Merl’s crazier than a swamp rat, Manon had thought. She’d been about to send Ava away once and for all, but something had stopped her. Something in Ava’s eyes. They weren’t right, those eyes, but still…that mermaid saw. Right down into you, to what was deep and true. She saw the good there no matter how hard you tried to hide it.
“Keep your coins,” Manon had said, against her better judgment. She’d led Ava inside, offered her a chair and a cup of thick, sweet cattail coffee. She’d sat down across from her and asked what she was after in the swamps. “Tell me straight. No lies, cher,” she’d cautioned. “A good gris-gris needs many ingredients. The truth’s one of them.”

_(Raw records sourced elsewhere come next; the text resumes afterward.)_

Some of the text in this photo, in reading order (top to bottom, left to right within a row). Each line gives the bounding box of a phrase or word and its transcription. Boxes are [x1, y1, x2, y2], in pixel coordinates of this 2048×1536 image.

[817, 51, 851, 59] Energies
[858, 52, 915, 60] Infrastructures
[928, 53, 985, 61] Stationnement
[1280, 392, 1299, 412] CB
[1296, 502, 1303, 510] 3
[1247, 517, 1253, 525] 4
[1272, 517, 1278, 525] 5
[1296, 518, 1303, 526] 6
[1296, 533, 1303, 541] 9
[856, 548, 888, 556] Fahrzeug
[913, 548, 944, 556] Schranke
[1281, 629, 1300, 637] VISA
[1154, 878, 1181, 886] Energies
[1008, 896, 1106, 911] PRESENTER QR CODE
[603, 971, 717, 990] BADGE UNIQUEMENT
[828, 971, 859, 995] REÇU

Ava had taken a deep breath, then said, “A monster lies under the ice of the Southern Sea. For centuries, it has been asleep, but now it’s waking. It was created by one of the mages of Atlantis.”

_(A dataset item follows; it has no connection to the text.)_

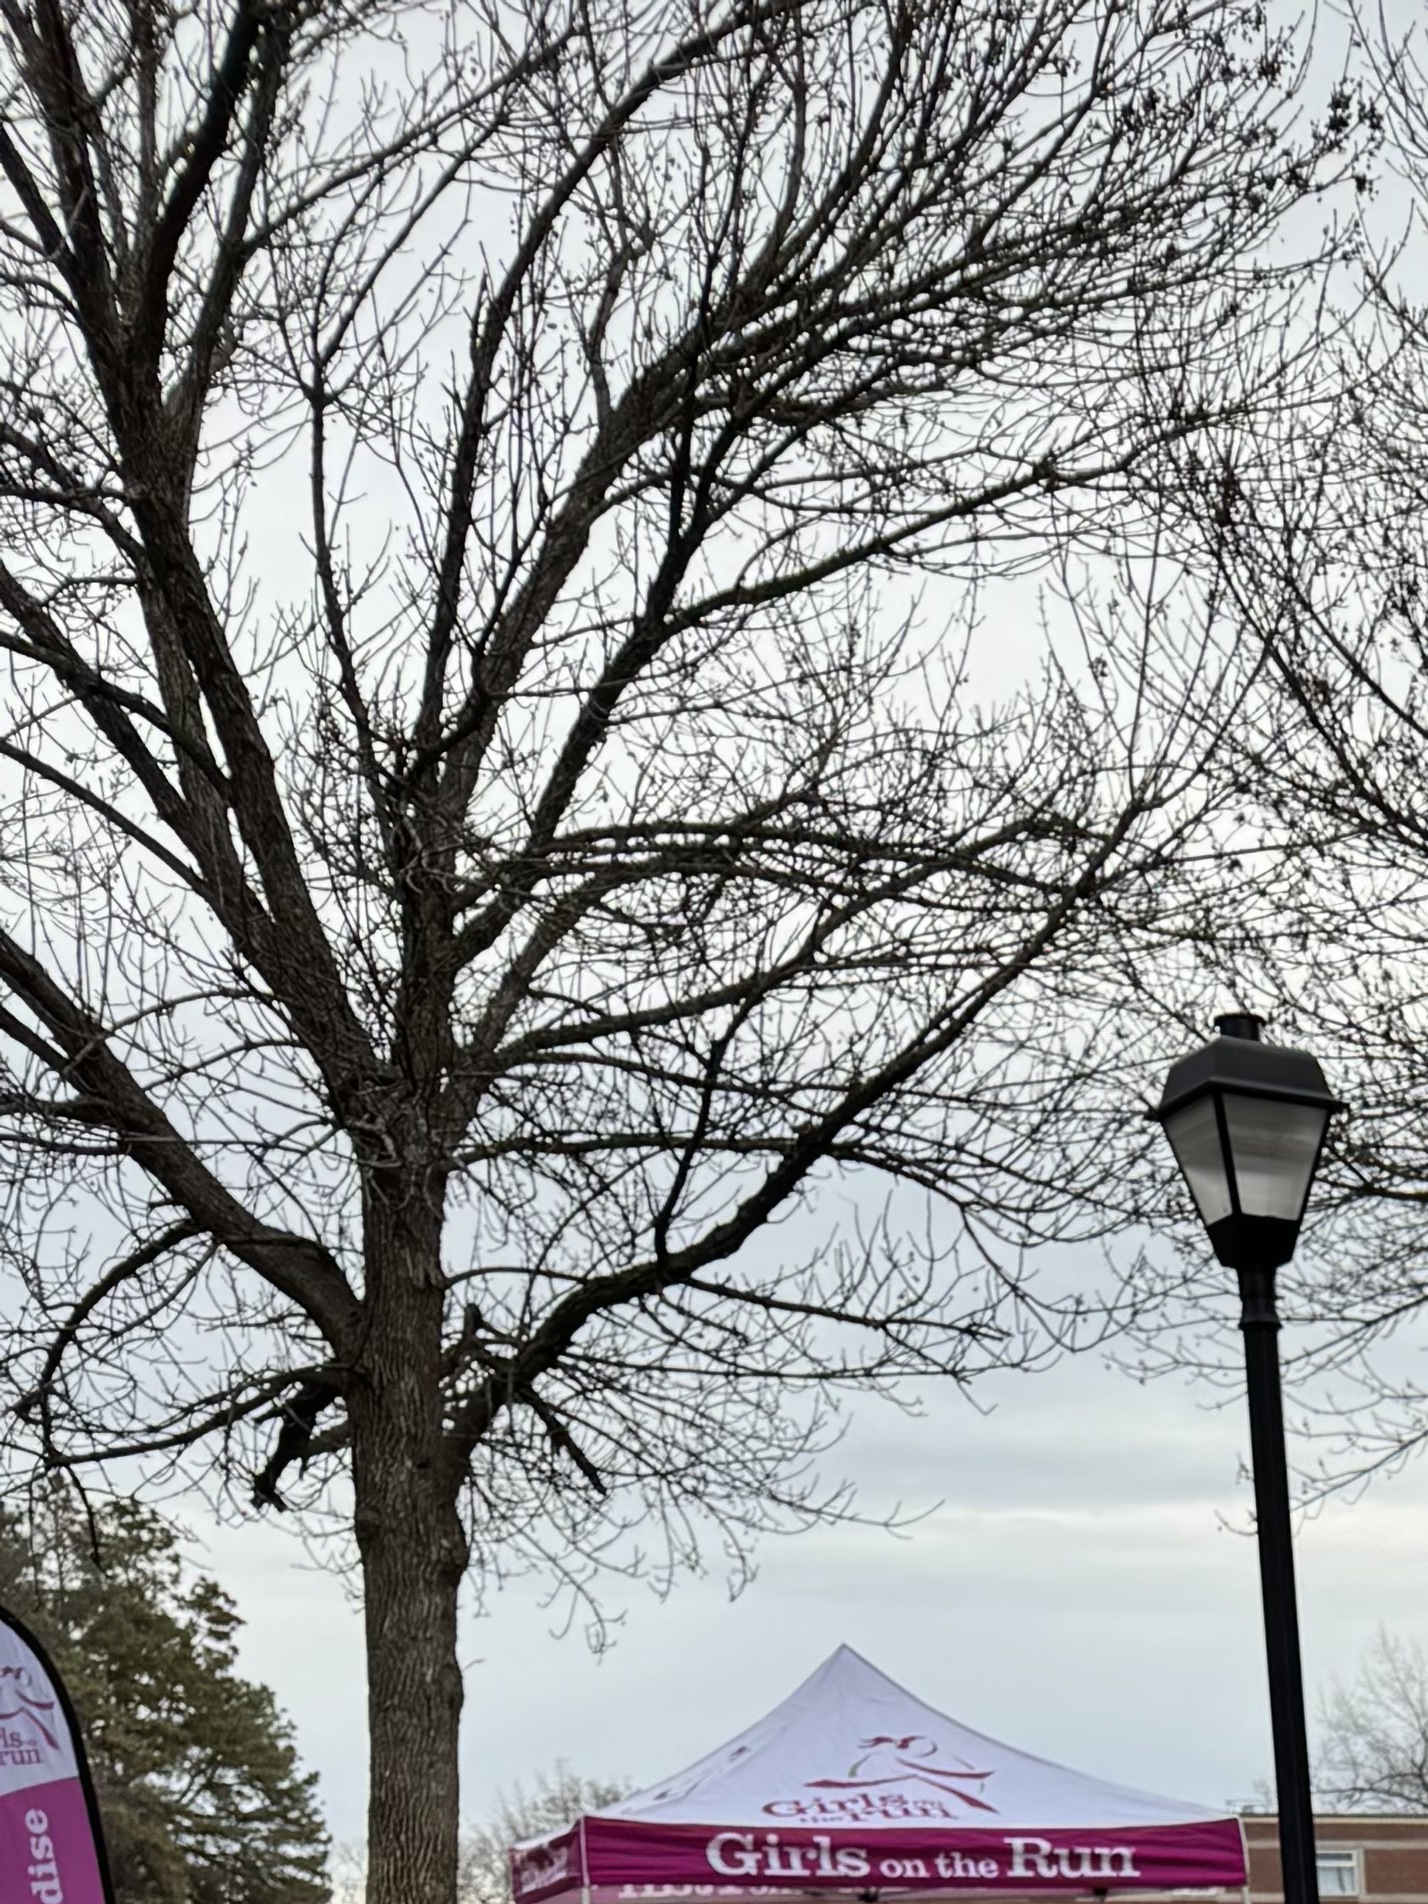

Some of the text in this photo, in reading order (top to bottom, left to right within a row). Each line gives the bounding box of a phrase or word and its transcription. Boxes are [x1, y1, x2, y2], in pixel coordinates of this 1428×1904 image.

Manon’s ancient eyes had narrowed. The swamp mer were given to telling tall tales. Decades of listening to them had made her a skeptical soul. “A monster?” she’d said. “Why would a mage make a monster?”
Ava had told Manon about Orfeo, the talismans, and Abbadon, and how Ava and five other mermaids had been chosen to defeat that monster. She told her about Vallerio, that he was kidnapping and imprisoning merfolk, and forcing them to search for the talismans. By the time Ava had finished her story, Manon was so shaken, she’d had to call for her smelling salts.
Rumors had come to Manon’s ears, carried on the river. Rumors of powerful objects and labor camps. Rumors of soldiers in black uniforms moving through her swamp, and of a shadowy man with no eyes. She’d thought they were only more wild stories. Ava’s arrival at her cave, and Traho’s, had convinced her otherwise.
“You need to find that talisman, child. No two ways about it,” Manon had said as soon as she’d recovered. “I’ll do what I can to help you.”
She’d fed Ava a spicy, filling stew made of crawdads, salamanders, and river peppers, and had given her medicine to break her fever. Then she’d made her a gris-gris—maybe the strongest one she’d ever made—and hadn’t taken so much as a cowrie for it. Lafitte, Esmé, and Sally had all looked at Manon as if she’d lost her mind.
As she’d hung the gris-gris around Ava’s neck, Manon had told Ava that the Okwa lived in the Spiderlair swamp and instructed her on how to get there. She’d tried to convince Ava to spend the night in her cave and rest close to the waterfire, but Ava had politely refused the offer. “There are soldiers on my tail,” she’d explained. Then she’d thanked Manon and left.
“You keep that child safe, you hear me?” Manon had whispered to the spirits as she’d watched Ava swim away. She cared for that mermaid, though she didn’t want to. Caring was risky in the swamps. The Spiderlair, a four days’ journey from Manon’s cave, was named for the large, vicious arachnids that hunted on its banks. It was the other creatures that lived in those dark waters that worried Manon, though—most of them far too clever to be glimpsed with an occula. The seeing stone showed evidence of them, nonetheless—in the bones and skulls half-buried in the swamp mud.
Manon picked up her tarot cards again now. They’d been cut from the shells of giant washboard clams, polished flat, then etched with tarot symbols. She drew one from the deck and laid it down. When she saw what it was—a tall, upright tower with waterfire coming out of its windows—she caught her breath.